Advisory Board 101: The Best Kept Secret About Advisors
Editor's Note: The following is the fourth in the series "Advisory Board 101" in which Jessica Alter, the CEO and entrepreneur behind FounderDating -- a people network for entrepreneurs -- provides insight and shares advice pertaining to the intersection of advisory boards and startups.
As entrepreneurs, we know that human connections are precious assets. We work ourselves to exhaustion, expand our circles at every opportunity and always keep our eyes peeled for chances to build mutually beneficial relationships. But inevitably, we find ourselves unexpectedly isolated and lonely.
This is where advisors can be great sources of personal support. While their respective expertise and experience make them valuable, their empathy is what's truly priceless. And often, they are the only people you can trust and who truly understand what you are going through. Your friends and family don't understand the stressors and sometimes straight-up outlandish circumstances begin to take center stage in your life. You can't lean too heavily on your work connections. You can't divulge your innermost fears to your team (or even discuss every problem with them), your cofounder is great but not necessarily for every conversation (and this relationship might even be the issue at hand), and the last people you want to see when you're in a state of decision-paralysis or self-doubt are your investors.

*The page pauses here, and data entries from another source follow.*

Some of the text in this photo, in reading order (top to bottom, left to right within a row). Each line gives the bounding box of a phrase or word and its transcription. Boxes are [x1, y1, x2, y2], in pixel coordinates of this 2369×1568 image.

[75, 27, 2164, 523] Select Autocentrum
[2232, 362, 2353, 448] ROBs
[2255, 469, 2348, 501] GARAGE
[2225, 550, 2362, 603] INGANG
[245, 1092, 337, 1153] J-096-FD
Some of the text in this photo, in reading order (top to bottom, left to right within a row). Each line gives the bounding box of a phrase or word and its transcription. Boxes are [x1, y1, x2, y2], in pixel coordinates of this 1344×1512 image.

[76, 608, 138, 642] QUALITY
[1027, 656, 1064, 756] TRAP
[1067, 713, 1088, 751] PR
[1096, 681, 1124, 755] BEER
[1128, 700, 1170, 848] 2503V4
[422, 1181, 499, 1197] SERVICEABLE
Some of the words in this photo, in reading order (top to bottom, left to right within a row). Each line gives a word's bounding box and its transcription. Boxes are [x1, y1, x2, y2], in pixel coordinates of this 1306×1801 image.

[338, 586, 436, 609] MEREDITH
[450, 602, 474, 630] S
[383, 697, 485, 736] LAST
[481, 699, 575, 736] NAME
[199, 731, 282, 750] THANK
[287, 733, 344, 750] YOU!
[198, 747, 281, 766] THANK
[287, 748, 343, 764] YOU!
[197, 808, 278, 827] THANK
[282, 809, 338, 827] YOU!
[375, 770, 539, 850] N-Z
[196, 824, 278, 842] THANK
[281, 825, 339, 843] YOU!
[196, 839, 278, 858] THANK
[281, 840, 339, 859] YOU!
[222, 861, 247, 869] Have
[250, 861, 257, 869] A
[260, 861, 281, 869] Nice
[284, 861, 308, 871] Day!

Advisors, on the other hand, not only understand your business (if not, there is a problem), but you've cultivated a personal relationship with each other. They've walked some of these same paths before, messed up, recalibrated and came back to succeed. Advisors should understand what you're going through, not judge you for moments of self-doubt and most importantly, actually help you through it.
As Bob Buch, CEO of advertising company Socialwire, told me recently, "Advisors are the ones you turn to when you think you want to curl up in the fetal position in the corner."
You should seek out mentors with whom you can build this kind of rapport, because in the end that will serve you better than almost anything else they can offer. That said, advisors aren't just therapists. You should involve them because of other values and areas of expertise. But when you're evaluating whether someone can be your advisor don't forget this personal support aspect.
Here are a couple ways to determine if you'll be able to build a strong supportive relationship with an advisor.
- Find out if he or she has done anything like this before. Is this person an entrepreneur, or has he or she been an early employee of a company? If so, this advisor is more likely to be able to guide you through the highest highs and help you through the lowest lows.
- Look for an endorsement you trust. Do you know someone else who has worked with this person in an advisory capacity before? What was his or her experience like? On FounderDating, we have a vouching system that allows previous advisees to say something meaningful about the advisor and their experience with them. Their name is attached to it publicly, so don't take it lightly.
- Ask. Yes, it could be that simple. If you ask a potential advisor about a low point in his or her career journey, you'll get a peek into the way he or she handles crisis situations, see what kinds of experiences and/or concerns you have in common, or just find common ground that makes you feel comfortable opening up.
A well-matched advisor can help you balance out the emotional rollercoaster of being a startup founder. So, choose advisors that are talented at what they do, care about what you're doing, complement you in a strategically important area for your company and can lend an ear when needed.